Thanks. Will check it out. Have you seen Paradise Lost, the documentary about the Satanists who were convicted of murder on the basis of no evidence except the eye witness statement of an abused, mentally retarded man, and the fact that one of the kids had Satanist literature in his bedroom? What a story of fear mongering that is.
I read kleinbl00's comment earlier and ever since I can't shake the memory of Shawn Moore a kid that was kidnapped in 1985 in my hometown of Brighton, MI. He was kidnapped within a 1/2 mile of where my father worked. He was around my age and all of us kids were very aware of what was happening. We were terrified. It only takes 1 case like this to hit too close to home for parents and change the way they let their kids behave. Here is a description of what happened: Just riding his bike during the day and he got nabbed. Enough to scare the bajeezus out of my 8 year old self. But we kids all acted tough and were carrying around sticks, bats and pocket knives telling ourselves that if we confronted the kidnapper, Ronald Bailey, we would kill him and rescue Shawn. Then they found him and shit got real. I wonder, mk do you remember this? It was state-wide news.Shawn was abducted while riding his bike to the local convenience store to buy a root beer. The case was treated as a kidnapping until September 13, 1985, when his body was discovered by the side of a road, covered with a tent of leaves, twigs, and brush.

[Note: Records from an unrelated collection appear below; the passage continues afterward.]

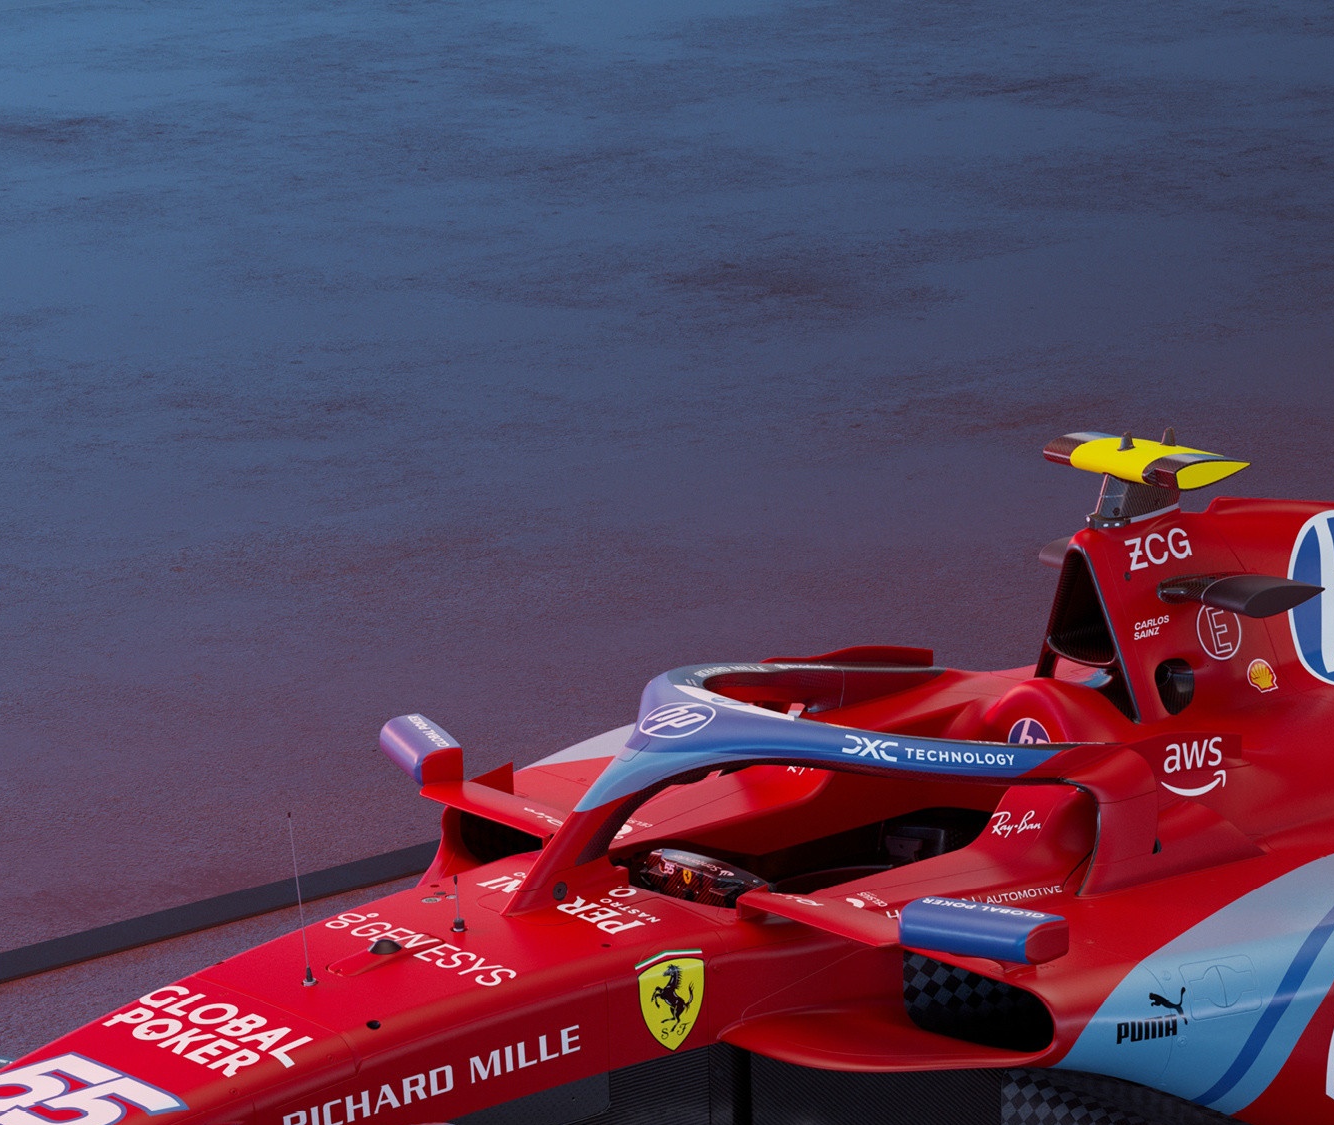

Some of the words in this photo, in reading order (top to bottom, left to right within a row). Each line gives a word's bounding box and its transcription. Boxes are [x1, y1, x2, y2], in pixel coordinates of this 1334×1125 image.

[1124, 528, 1193, 571] ZCG
[1134, 614, 1170, 631] CARLOS
[1134, 626, 1160, 641] SAINZ
[641, 703, 712, 737] hp
[842, 734, 899, 762] DXC
[905, 747, 1015, 766] TECHNOLOGY
[1163, 736, 1223, 773] aws
[599, 898, 661, 923] NASTRO
[922, 897, 977, 911] POKER
[986, 885, 1063, 905] AUTOMOTIVE
[981, 904, 1046, 919] GLOBAL
[351, 921, 517, 987] GENESYS
[102, 1007, 261, 1078] POKER
[139, 985, 314, 1069] GLOBAL
[1117, 1014, 1178, 1044] PUMA
[469, 1024, 582, 1084] MILLE
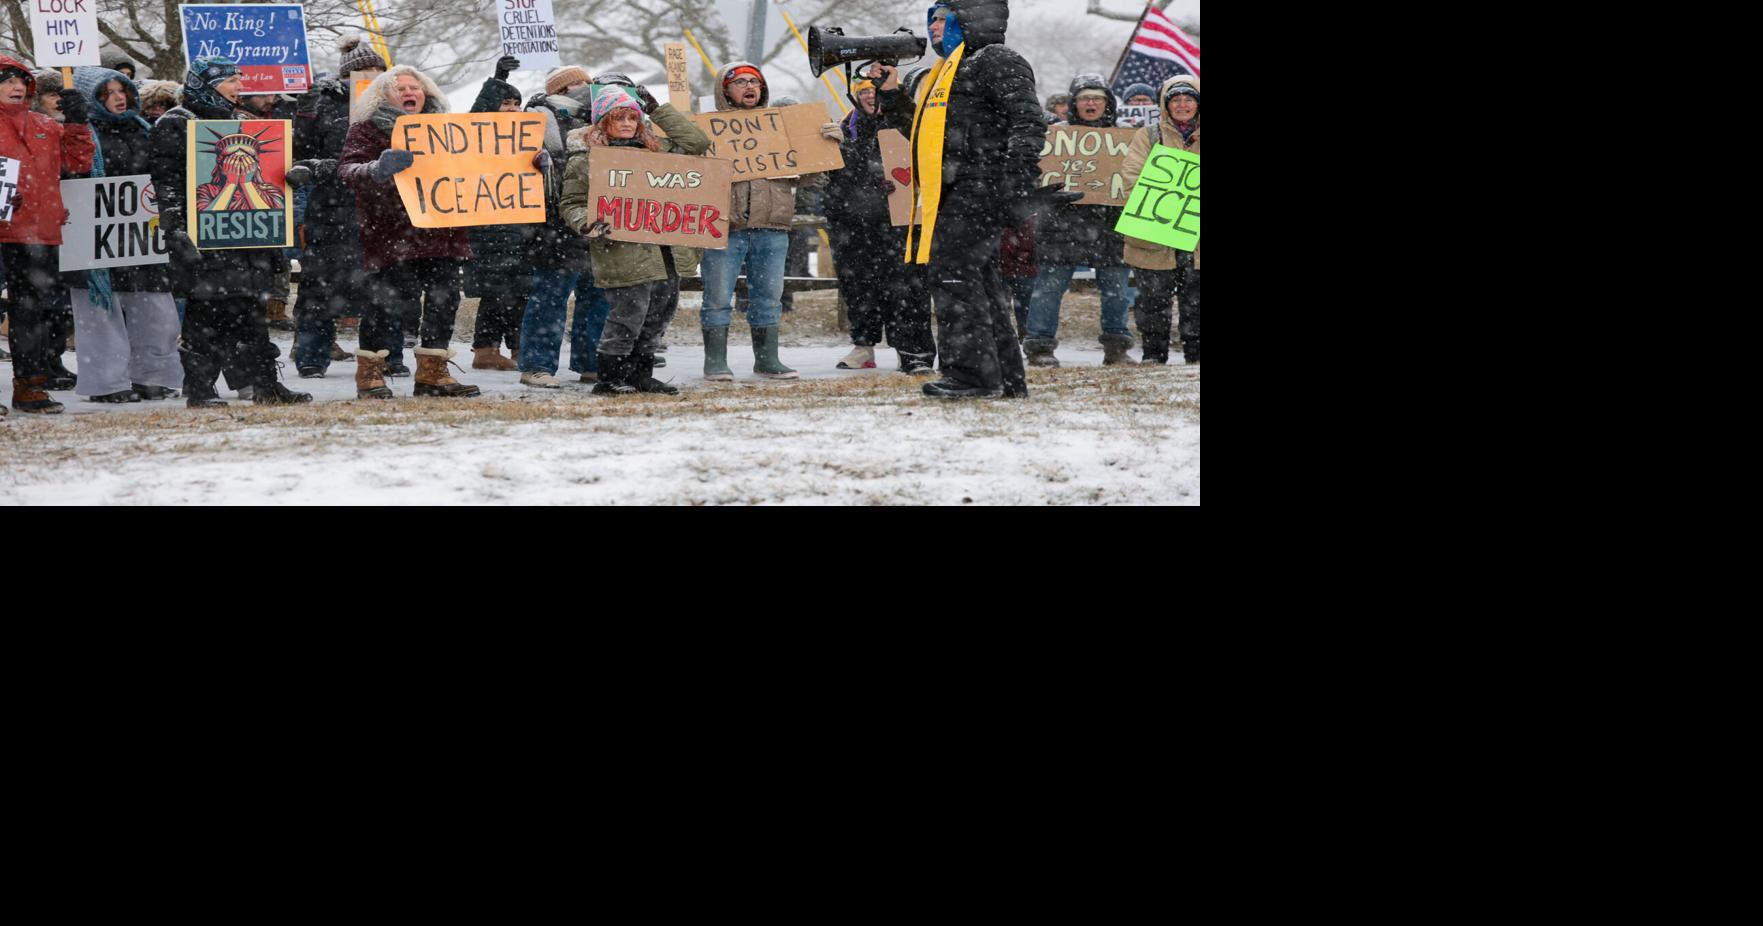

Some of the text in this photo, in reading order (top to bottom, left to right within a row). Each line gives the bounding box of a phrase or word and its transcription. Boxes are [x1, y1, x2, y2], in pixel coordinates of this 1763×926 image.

I watched a dude drown when I was six. A friend of mine's brother blew his own head off with a shotgun when we were in 4th grade. Two girls I knew were remanded to foster care because their fathers were abusing them. Some arbitrary kid somewhere out being abducted by a stranger always seemed remote to me; the ready violence available to you from people you know and things you do normally always seemed more pressing.
But b_b I totally agree, the fear is propagated by those that benefit, mainly the media. But that fear is allowed to take hold because there usually is some practical knowledge, in a tangential way, of the danger being levied.the ready violence available to you from people you know and things you do normally always seemed more pressing.
Without a doubt. I was 8 when this happened and it was the first time that the world seemed dangerous. Later, in high-school a couple different people killed themselves, a friend and two brothers had their car hit by a drunk driver on new years day. My friend Brian happened to be driving a few cars behind and was the first on the scene. He knew all of them and couldn't recognize any of them. "Their brains were all over the place", is all he ever really told me about it. A girl I dated came over to my house for dinner and met my family. She knew my grandmother (which we hadn't realized) because my grandmother was the director of a women's shelter. My GF had been there as a kid to escape/hide from an abusive step-father. As you get older, the dangers are unavoidable, they smack you in your face. When you're 8 though and a kid goes missing, it's a very Ray Brower kind of moment.
I think there are not just economic but religious winds pushing the dangerous place story. There are quite a few theologies that require the world to go to hell.
You may be on to something there. The real danger isn't climbing trees or whether your kid should sleep in a crib. No, the real danger is when you hear a voice from god tell you to go to the mountain and kill your son. That's some crazy shit.
If one is a pre-millennialist the world is required to be dangerous and getting more so . This makes progressive the worst possible thing to cal a person it means they are standing against the will of god for everything to be shit.